Phenylalanine Reprograms TLS Maturation and Plasma cell differentiation in MASH-HCC [scRNA-seq]

Metabolic dysfunction–associated steatohepatitis (MASH) is a rapidly growing cause of hepatocellular carcinoma (HCC) and is associated with poor clinical outcomes and limited responsiveness to immune checkpoint inhibitors. Emerging evidence suggests that immune dysregulation within the tumor microenvironment contributes to disease progression; however, the transcriptional programs distinguishing MASH-associated HCC from non-MASH HCC remain incompletely characterized. To address this gap, we performed bulk RNA sequencing on total RNA isolated from MASH and non-MASH tumor tissues. This dataset was generated to enable comparative transcriptomic analysis of tumor-intrinsic and immune-related pathways associated with MASH-driven hepatocarcinogenesis, with particular relevance to immune organization, metabolic stress responses, and tumor–immune interactions.The resulting RNA-seq data provide a resource for investigating alterations in immune cell–associated gene signatures, metabolic pathways, and microenvironmental features that may underlie immune dysfunction in MASH-HCC. Overall design: C3H mice were fed a 60% kcal high-fat diet (HFD; Research Diets, Inc.) for 8 weeks. To induce nonalcoholic steatohepatitis (NASH), mice were then switched to a modified methionine- and choline-deficient (MCD) diet formulated to contain 60% kcal from fat (Research Diets, Inc.). Age- and sex-matched control mice were maintained on a non-NASH control diet. The establishment of the NASH phenotype was confirmed after dietary intervention using standard histological and metabolic assessments prior to tumor inoculation. Following confirmation of NASH, mice in both NASH and control groups were subcutaneously inoculated with the HCA-1 murine hepatocellular carcinoma cell line. Tumor growth was monitored and measured for 4 weeks.
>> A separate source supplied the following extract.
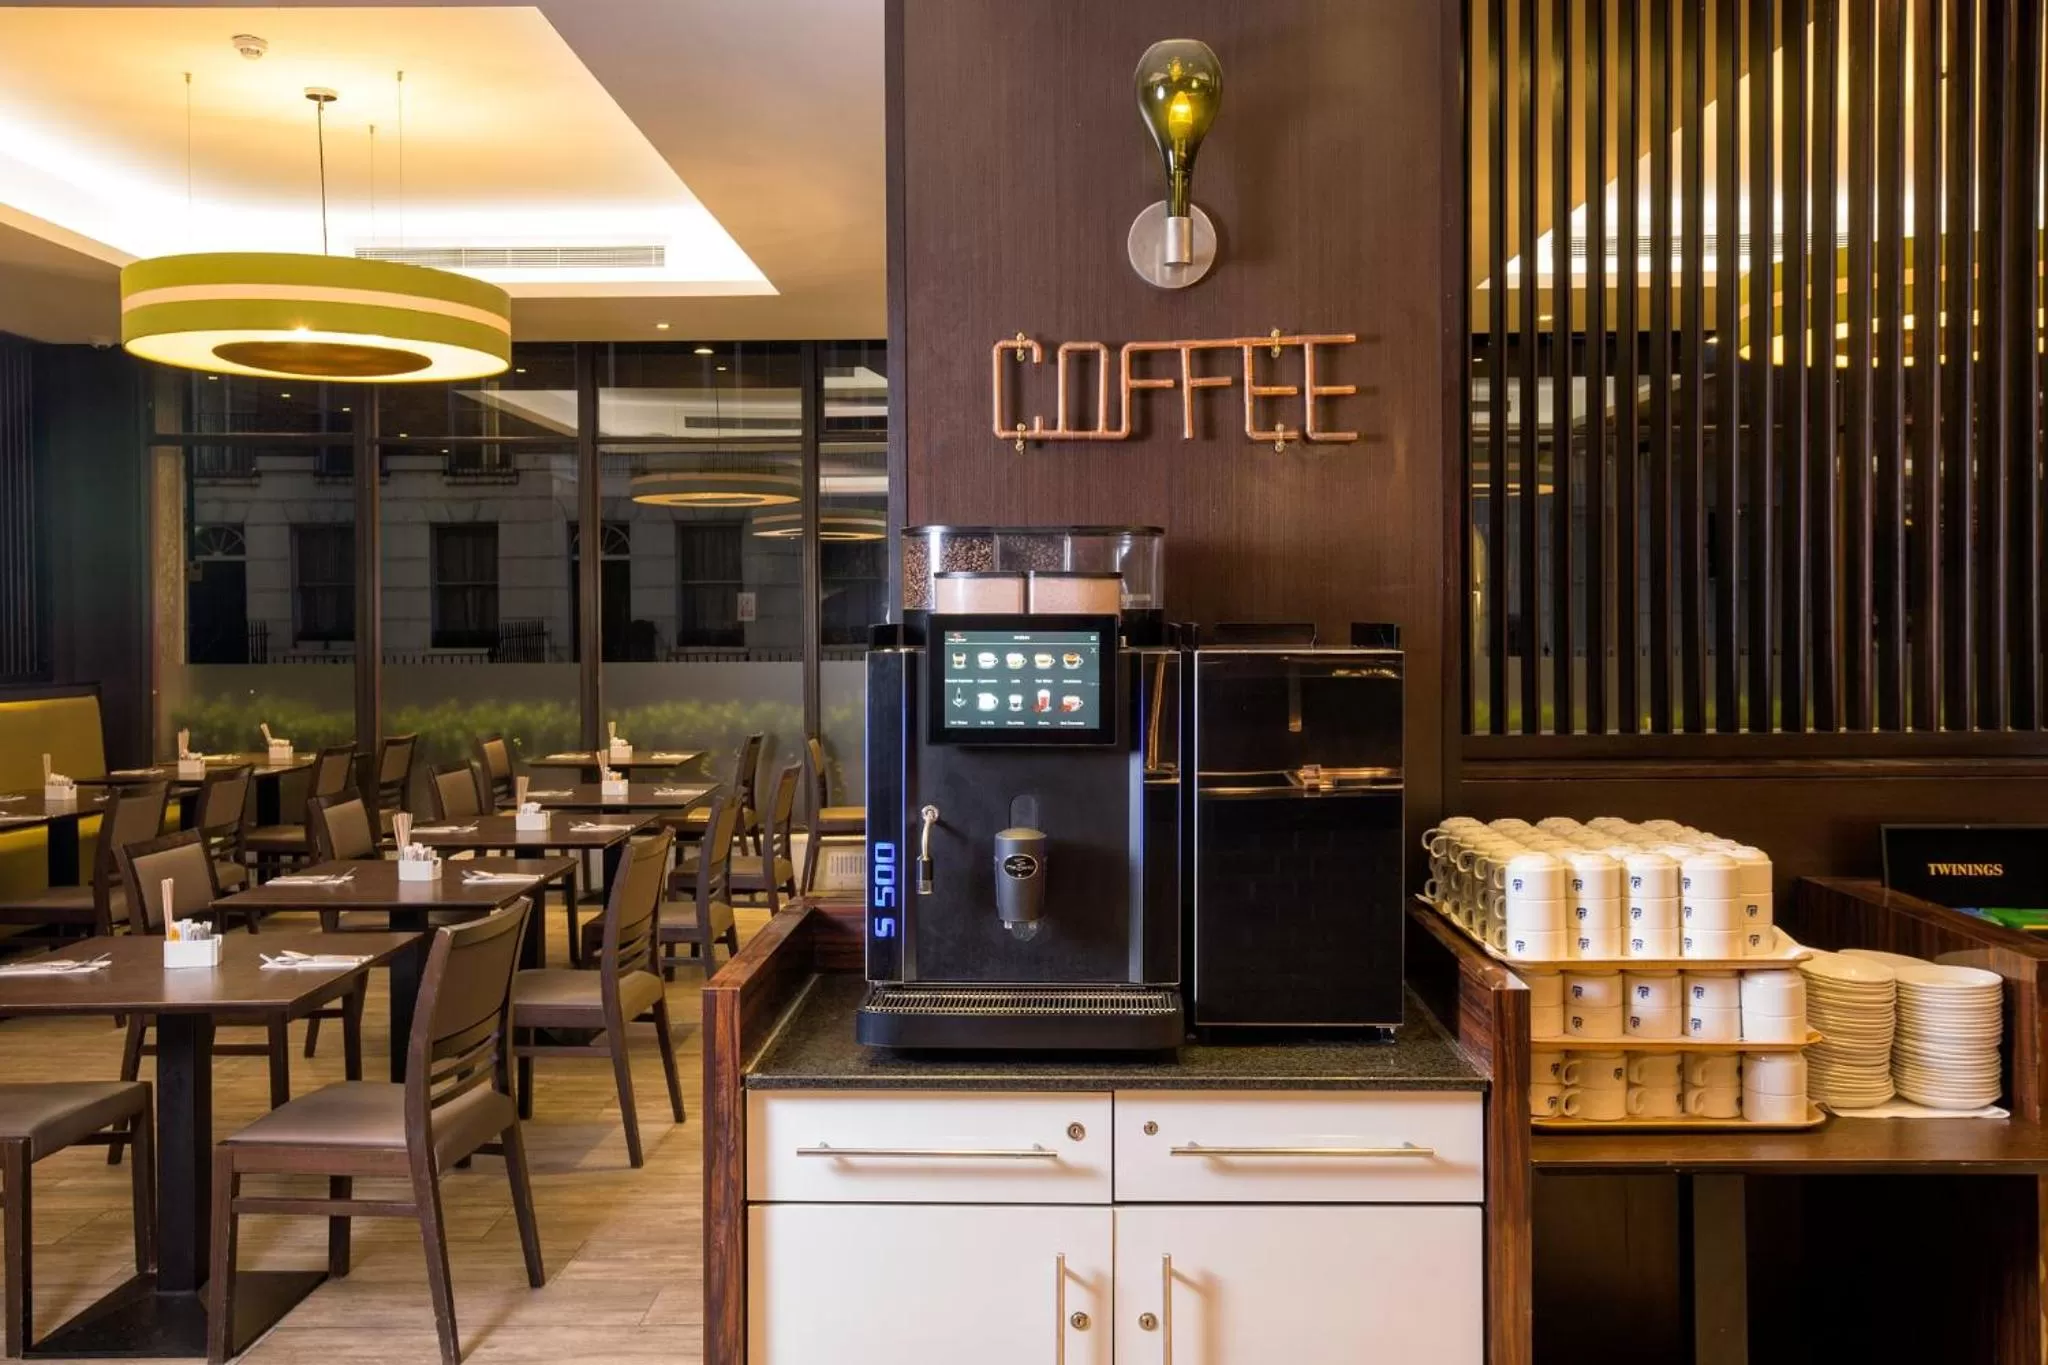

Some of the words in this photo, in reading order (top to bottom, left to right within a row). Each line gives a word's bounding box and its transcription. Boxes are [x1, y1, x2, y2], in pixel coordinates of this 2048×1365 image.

[993, 332, 1358, 441] COFFEE
[875, 843, 895, 907] 500
[1927, 863, 2004, 876] TWININGS
[875, 917, 895, 937] S
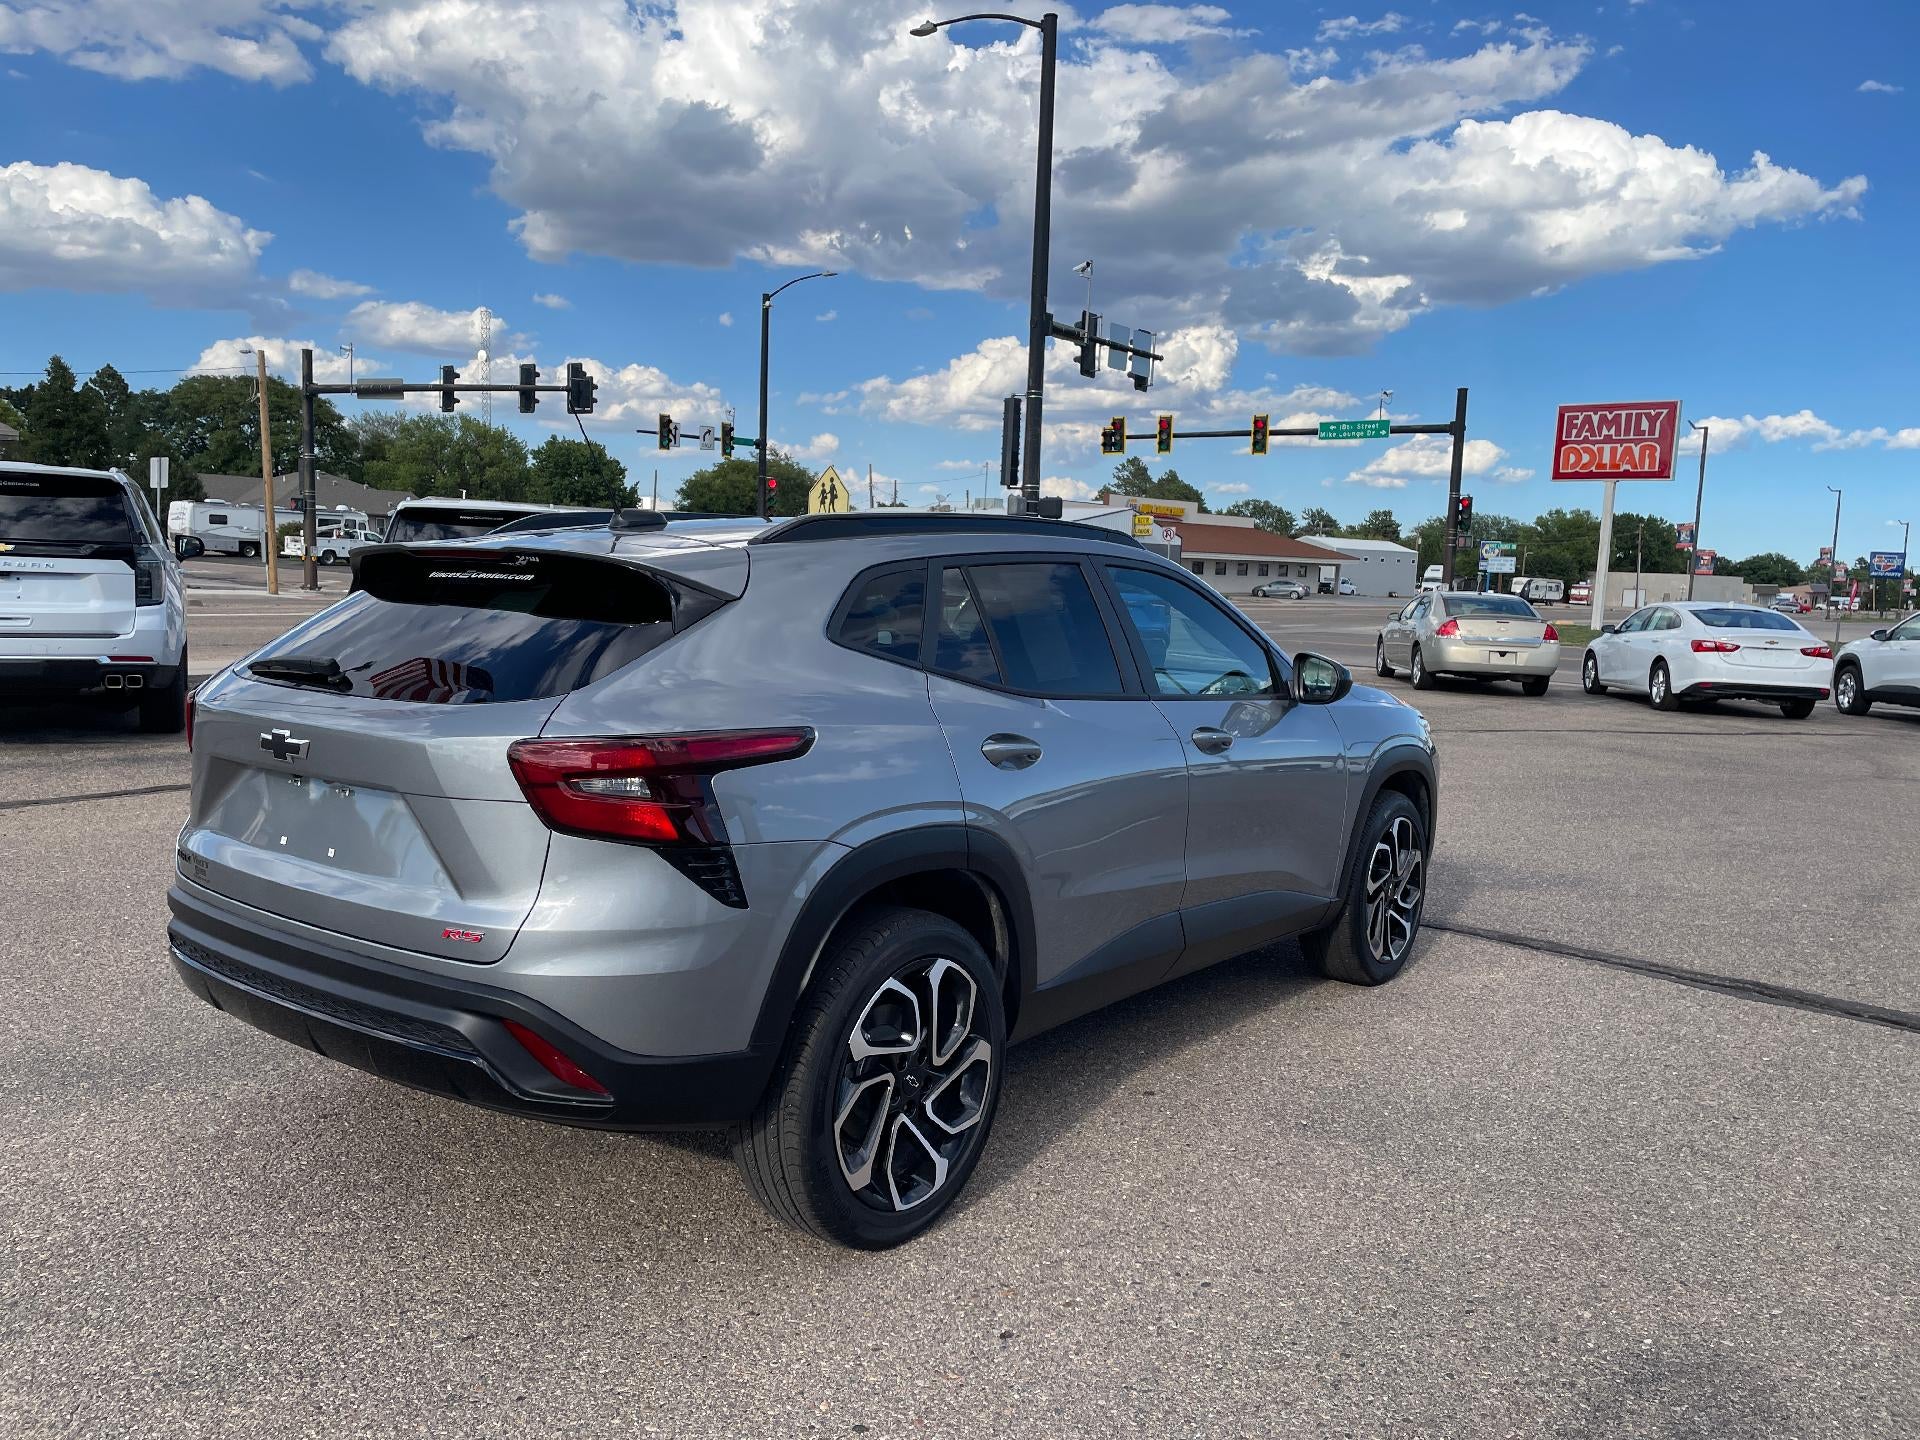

At the experimental endpoint, tumors were harvested, snap-frozen in liquid nitrogen, and stored at -80 °C until processing. For RNA extraction, frozen tumor tissues were pulverized using a mortar and pestle under liquid nitrogen. TRIzol reagent was added directly to the homogenized tissue, and total RNA was extracted according to the manufacturer's protocol. RNA purity was assessed by spectrophotometry (260/280 ratio), and high-quality RNA samples were submitted to Novogene for bulk RNA sequencing.